Geezer: Oh, absolutely, war resisters were important. I believed in them and I supported them. That's why I wrote this article.

Geezer hands a clipping to the director.

Director: This is about a journalist.

Geezer: What? Yeah. It's about Sarah Olson. I stood up for war resisters, see, I mention that we have to work really hard to stop the court-martial.

Director: From calling Sarah Olson.

Geezer: That's right. And I'm proud to have been there to help draw attention to the cause of war resistance.

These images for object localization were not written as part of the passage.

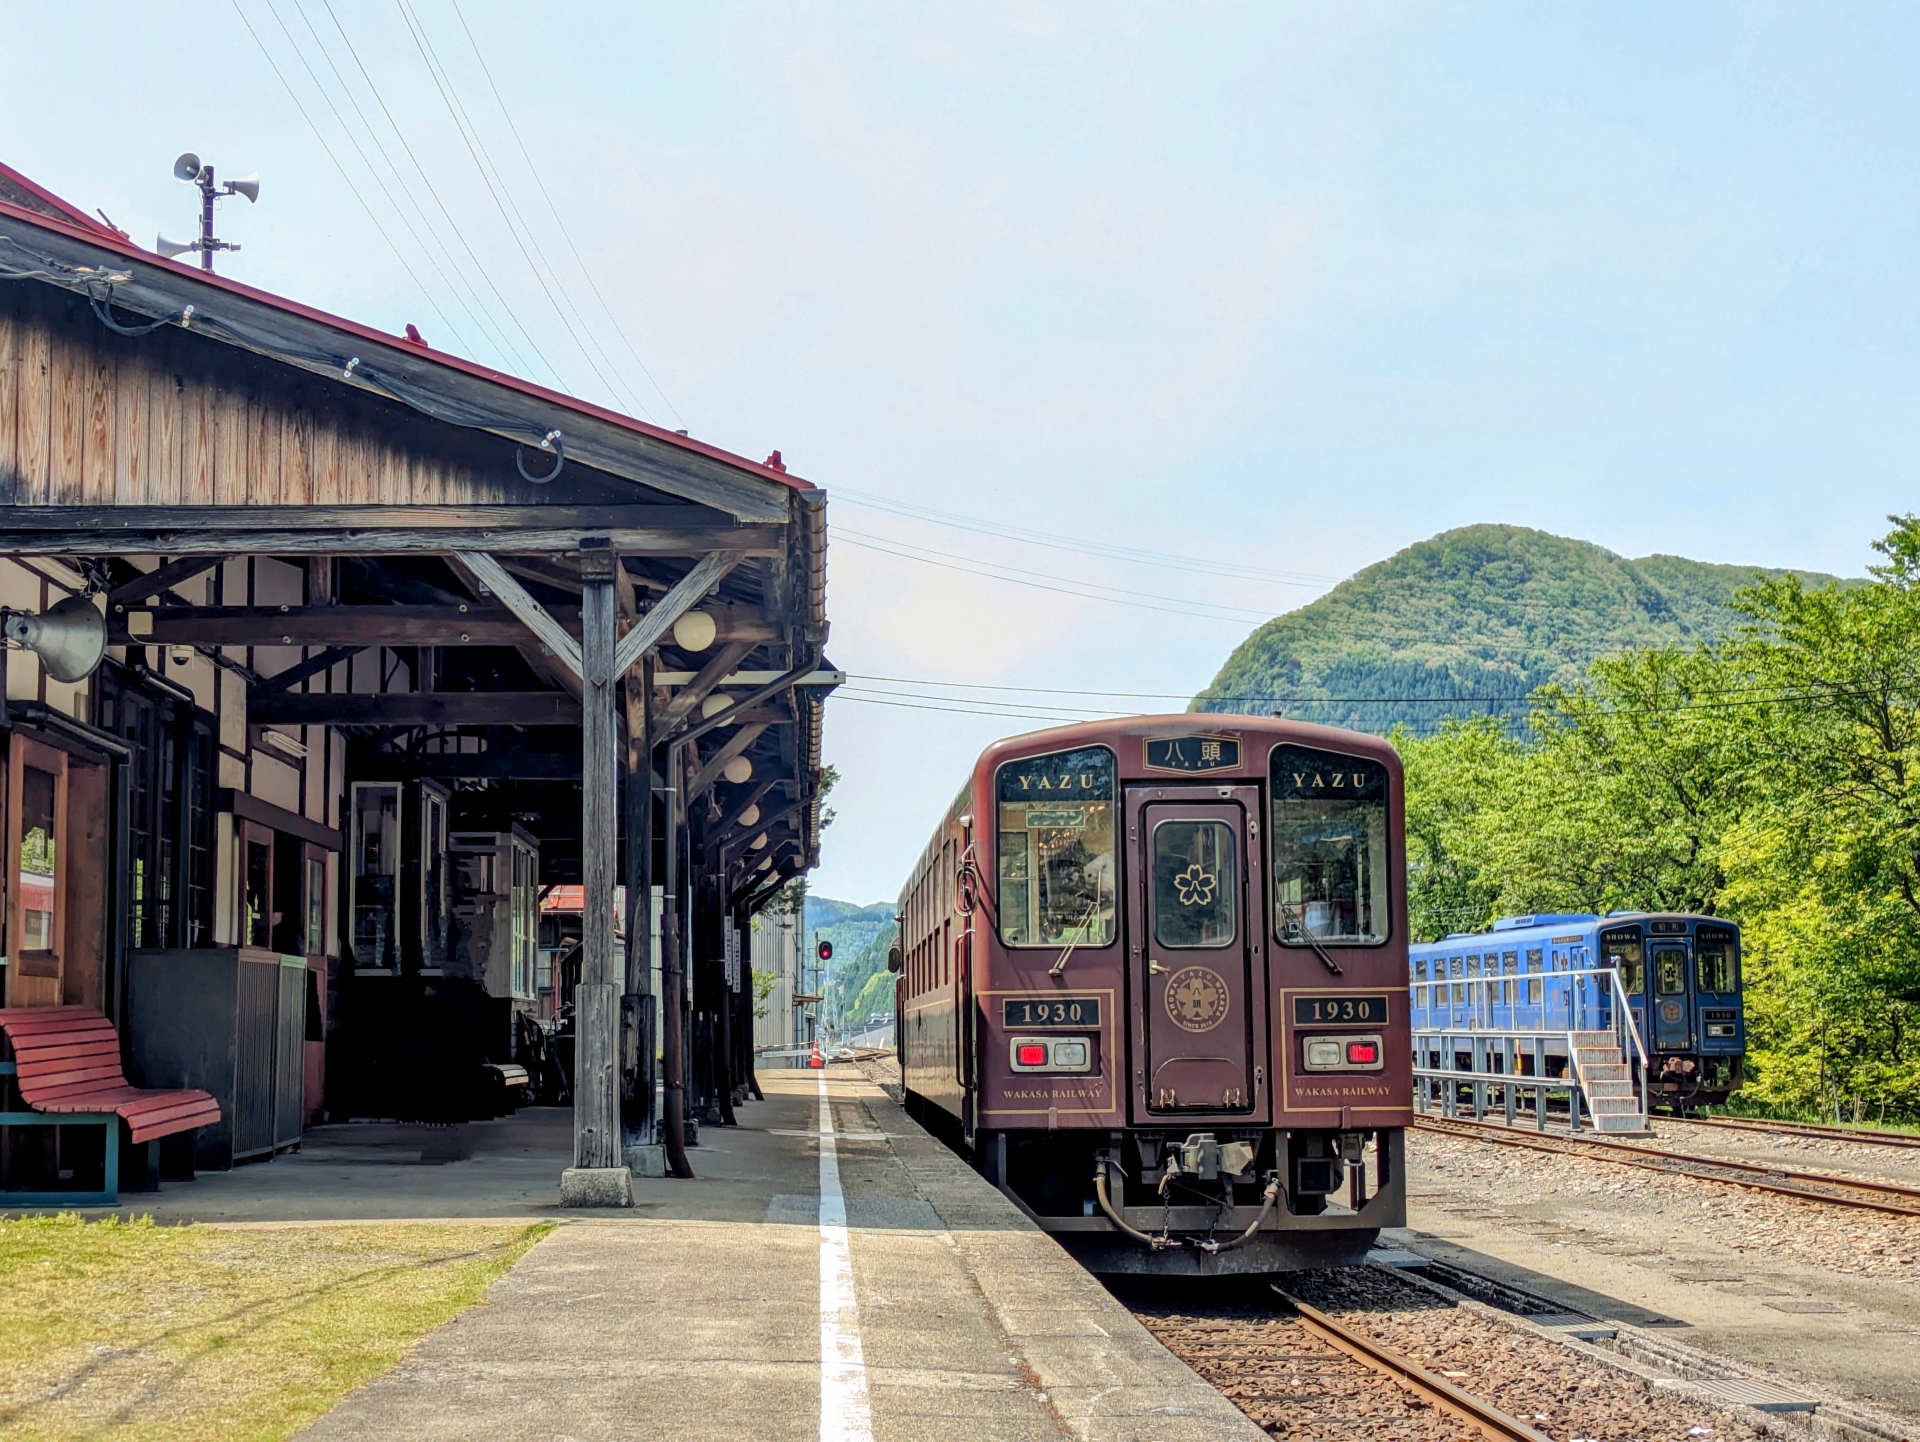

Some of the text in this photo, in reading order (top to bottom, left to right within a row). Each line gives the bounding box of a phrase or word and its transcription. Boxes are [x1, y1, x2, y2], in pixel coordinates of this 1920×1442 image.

[1164, 741, 1221, 761] 八頭
[1018, 774, 1094, 790] YAZU
[1292, 772, 1366, 788] YAZU
[1168, 970, 1226, 1017] SHOWA YAZU WAKASA
[1022, 1003, 1082, 1022] 1930
[1312, 1001, 1370, 1020] 1930
[1711, 1011, 1731, 1019] 1930
[1003, 1089, 1102, 1099] WAKASA RAILWAY
[1295, 1086, 1391, 1096] WAKASA RAILWAY
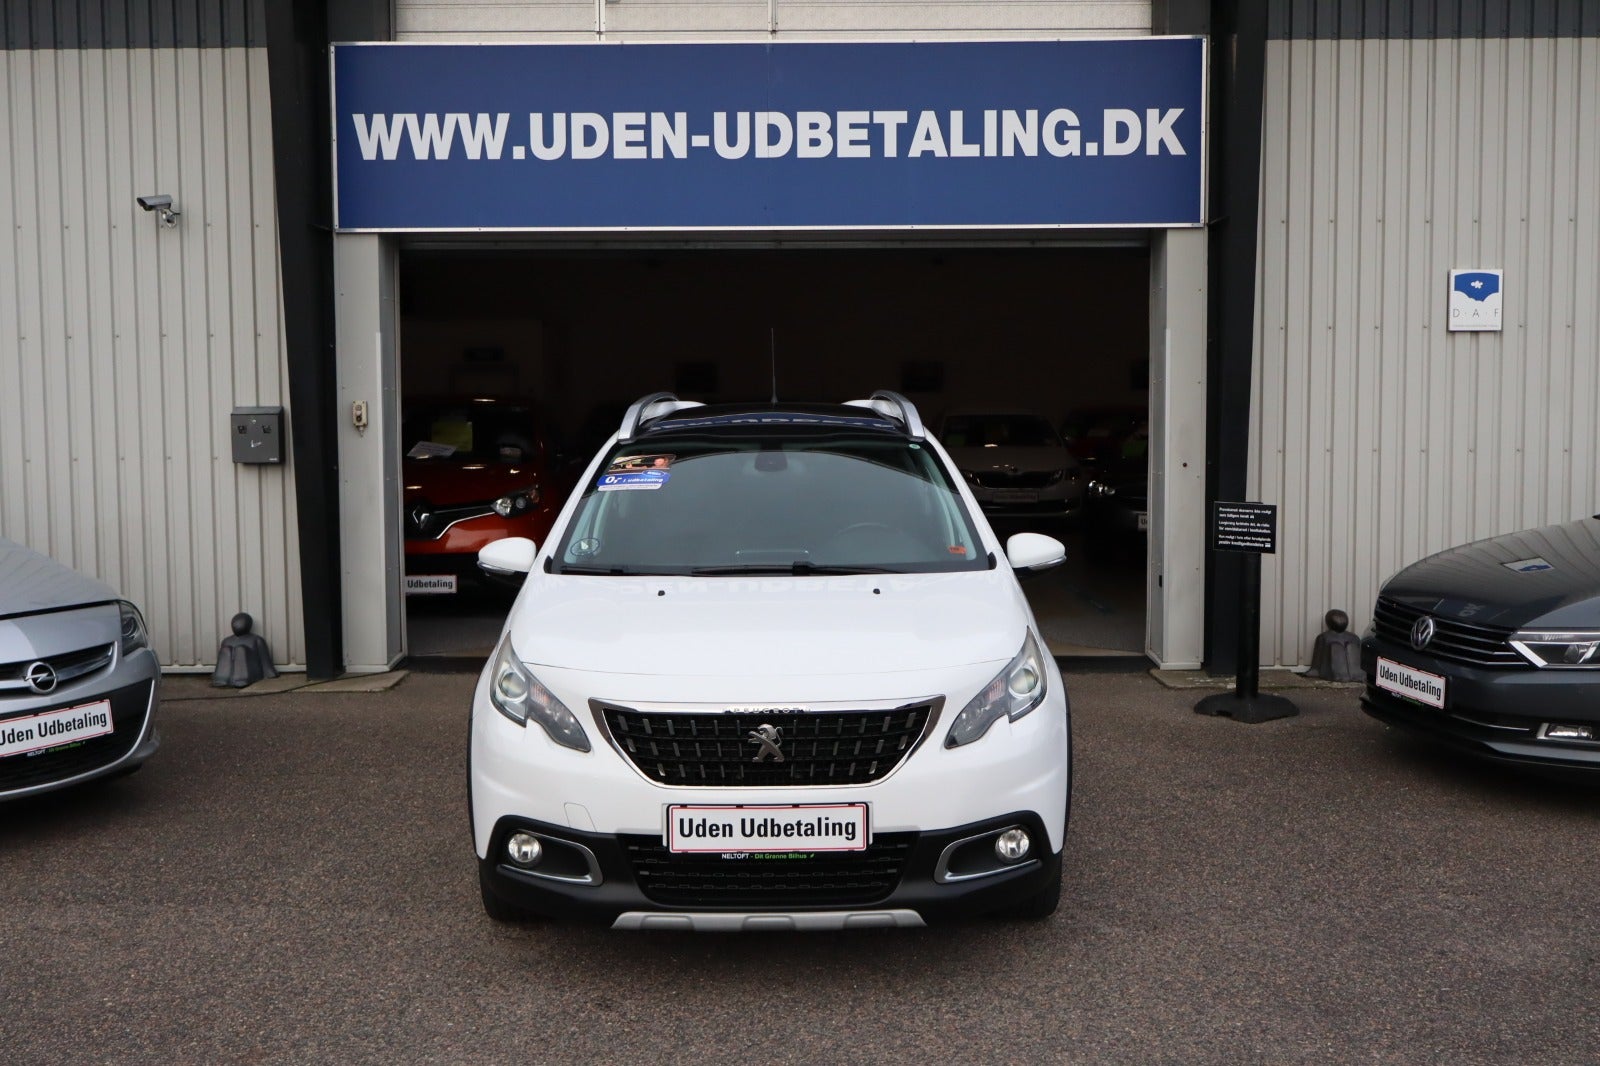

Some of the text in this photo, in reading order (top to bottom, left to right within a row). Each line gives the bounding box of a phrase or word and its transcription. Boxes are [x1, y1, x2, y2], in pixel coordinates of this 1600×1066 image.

[352, 107, 1187, 162] WWW.UDEN-UDBETALING.DK
[407, 579, 453, 590] Udbetaling
[1379, 664, 1398, 684] Uden
[1400, 672, 1442, 701] Udbetaling
[37, 712, 107, 738] Udbetaling
[679, 816, 856, 841] Uden Udbetaling

Yes, Lloyd, it is very interesting to imagine how many will defend the COWARDS SILENCE they've been operating under. Of course, it won't be their failure. And just reading some of the laughable e-mails coming into the public account makes that very obvious. They'll be attempting to rewrite history then because, oh boy, are they already trying to do so now.

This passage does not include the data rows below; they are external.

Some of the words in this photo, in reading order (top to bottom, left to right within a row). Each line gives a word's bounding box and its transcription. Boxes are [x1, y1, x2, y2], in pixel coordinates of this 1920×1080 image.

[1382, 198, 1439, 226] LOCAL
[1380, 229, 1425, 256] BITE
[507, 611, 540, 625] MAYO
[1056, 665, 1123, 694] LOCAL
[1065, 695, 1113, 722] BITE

Eli notes Levi Pulkkinen's "Dale Noyd, 1933 - 2007: Air Force captain refused Vietnam service" (Seattle Post-Intelligencer):

Air Force Capt. Dale Noyd had a promising career in 1966, a resume on par with almost any pilot in the service.
He'd graduated at the top of his Washington State University ROTC class. He risked his life to land a broken F-100 that he'd been told to ditch. He even earned an advanced degree in psychology,while continuing on active duty.
For Noyd's pains, the Air Force brought him to Colorado Springs, Colo. to teach Air Force Academy cadets, a high honor in the service.
Then the Air Force reassigned Noyd to give bombing lessons to fighter pilots bound for the war in Vietnam. He said: "No."
"He was concerned about the legality and morality of that war," his son, Erik Noyd, said.
Noyd was one of several servicemen who caught the national spotlight during the Vietnam War as a "selective" conscientious objector. Like those who have followed him -- including Army Lt. Ehren Watada, the Fort Lewis soldier who will face a court marshal Feb. 5 for refusing to fight in Iraq -- Noyd agreed that he would kill for his country, but not in a war he believed was unjust.
Noyd, 73, died of complications related to emphysema on Jan. 11 in Wenatchee, his birthplace.

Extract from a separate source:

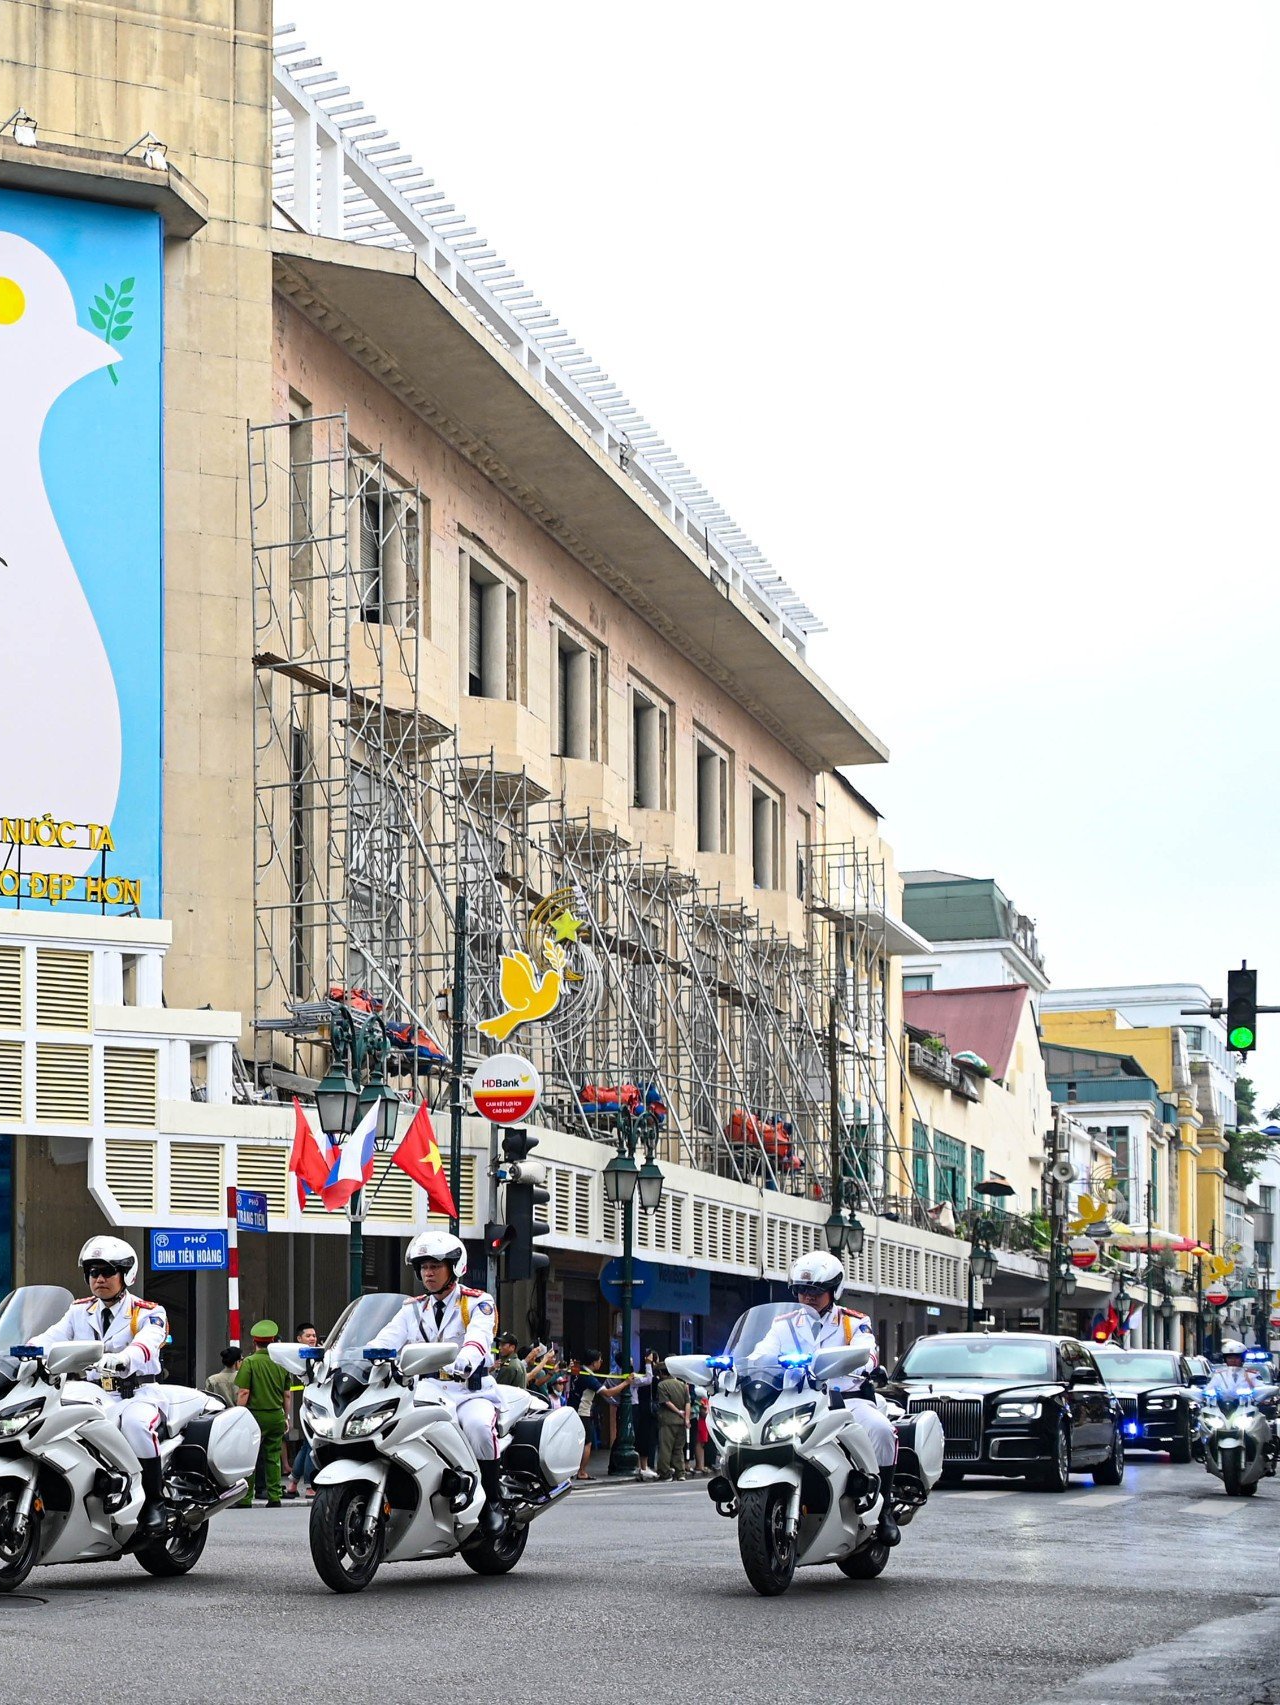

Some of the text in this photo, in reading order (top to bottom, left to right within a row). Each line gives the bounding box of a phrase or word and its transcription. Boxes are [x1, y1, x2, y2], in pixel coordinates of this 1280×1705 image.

The e-mail address for this site is (Members use the private account, I think everyone checking the public account has had all the laughs they can take for one day.) Hold on. Ava just told me about one laughable e-mail this morning and let me note that horse racing handicapping isn't important. The year is 2007. Your laughable excuse that although you don't cover war resisters, you are offering the nonsense of horse race handicapping (something that independent media has long pointed the finger at big media for doing) is somehow going to end the war has everyone laughing this morning. Get a brain, if not a life, and grasp that when independent media critics demand (rightly) that the mainstream media offer more than handicapping when covering political races -- that is a criticism that can and should be applied to independent media. The year is 2007. You have no idea who will win the primary in 2008. You're wasting your own time and your wasting our time. You are useless and you've made yourself that. It's a real shame that independent media refuses to call out nonsense in independent media. Maybe if they did, the state of independent media (of all media) wouldn't be so sorry. But let's be clear, when the New York Times offers who's hot, who's not and avoids the real issues, it's embarrassing. It's as embarrassing (possibly more so) when independent media does the same. And, after 2006's election of the timid, if you're really thinking that the answer lies solely with who gets elected, you're not only useless, you're stupid.